JuliaIO / BSON.jl

Other
158 stars 39 forks source link

[FR] Alter contents of a BSON file? #32

Open benninkrs opened 5 years ago

benninkrs commented 5 years ago

Nice work, BSON.jl is very useful.

Suppose one is running simulations that generate lots of data, perhaps more than can fit in RAM. In that case one would like to be able to save the data incrementally as it is generated.

Would it be feasible to add functionality to alter the contents of a BSON file? For example,

  1. append a variable and its value to a file, or
  2. change the value of a top-level variable, or
  3. change the value of a nested variable

Based on my limited understand of the BSON format, I imagine (1) might not be too hard, but (2) and (3) might be difficult since the storage needed for a variable in the middle of a file might change.
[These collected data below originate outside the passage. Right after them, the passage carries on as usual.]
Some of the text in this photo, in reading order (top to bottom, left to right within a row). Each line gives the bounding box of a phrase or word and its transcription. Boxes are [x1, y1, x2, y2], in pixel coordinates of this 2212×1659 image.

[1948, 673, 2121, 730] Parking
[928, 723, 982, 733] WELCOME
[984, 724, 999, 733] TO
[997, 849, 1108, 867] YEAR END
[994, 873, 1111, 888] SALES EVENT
I could also imagine the answer might be, "In this case don't use BSON, use (some other storage approach)".

richiejp commented 5 years ago

Suppose one is running simulations that generate lots of data, perhaps more than can fit in RAM. In that case one would like to be able to save the data incrementally as it is generated.
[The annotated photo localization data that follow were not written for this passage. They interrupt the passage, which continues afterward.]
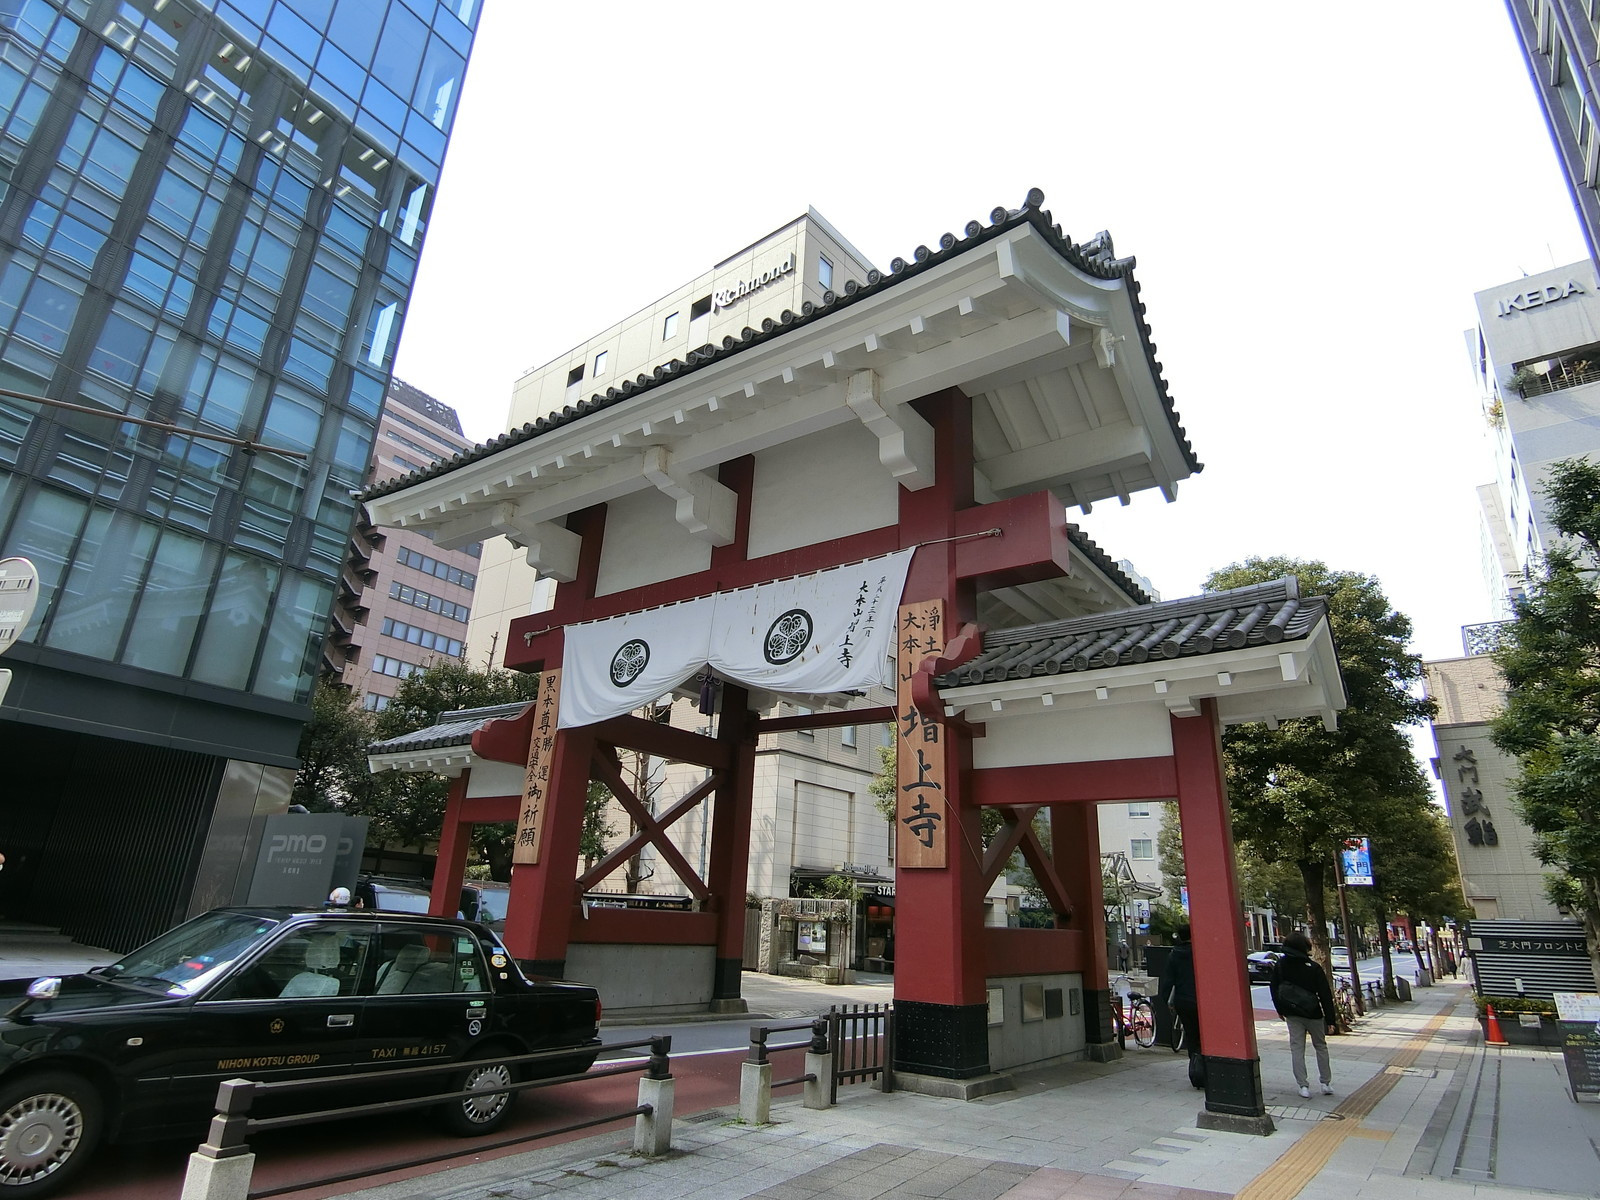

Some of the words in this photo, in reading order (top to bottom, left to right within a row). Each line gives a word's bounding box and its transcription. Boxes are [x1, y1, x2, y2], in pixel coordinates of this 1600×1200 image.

[711, 252, 795, 314] Richmond
[1498, 279, 1586, 317] IKEDA
[1344, 861, 1370, 874] 大門
[1498, 940, 1584, 952] 芝大門フロントビ
[372, 1048, 397, 1059] TAXI
[421, 1044, 447, 1055] 4157
[217, 1058, 251, 1070] NIHON
[252, 1056, 286, 1067] KOTSU
[287, 1054, 320, 1065] GROUP
Usually the solution to this is to allocate your objects within a memory-mapped file and let the Kernel handle swapping to disk. I think there may be a Julia library which does this. At any rate I don't see a reason to serialize to BSON format.

Based on my limited understand of the BSON format, I imagine (1) might not be too hard, but (2) and (3) might be difficult since the storage needed for a variable in the middle of a file might change.

Yep, you can change data so long as you don't change the size and you can append data to the end. Any other changes fall outside BSON's scope. Only appending data to the end of the file is really practical though.

I could also imagine the answer might be, "In this case don't use BSON, use (some other storage approach)".

I think BSON is fine, but you will have to combine it with another storage layer. Partitioning it into chunks which are small enough to be totally rewritten after an update. Currently I use it with Redis which is OK. I wouldn't recommend anyone try implementing such a layer within this library itself.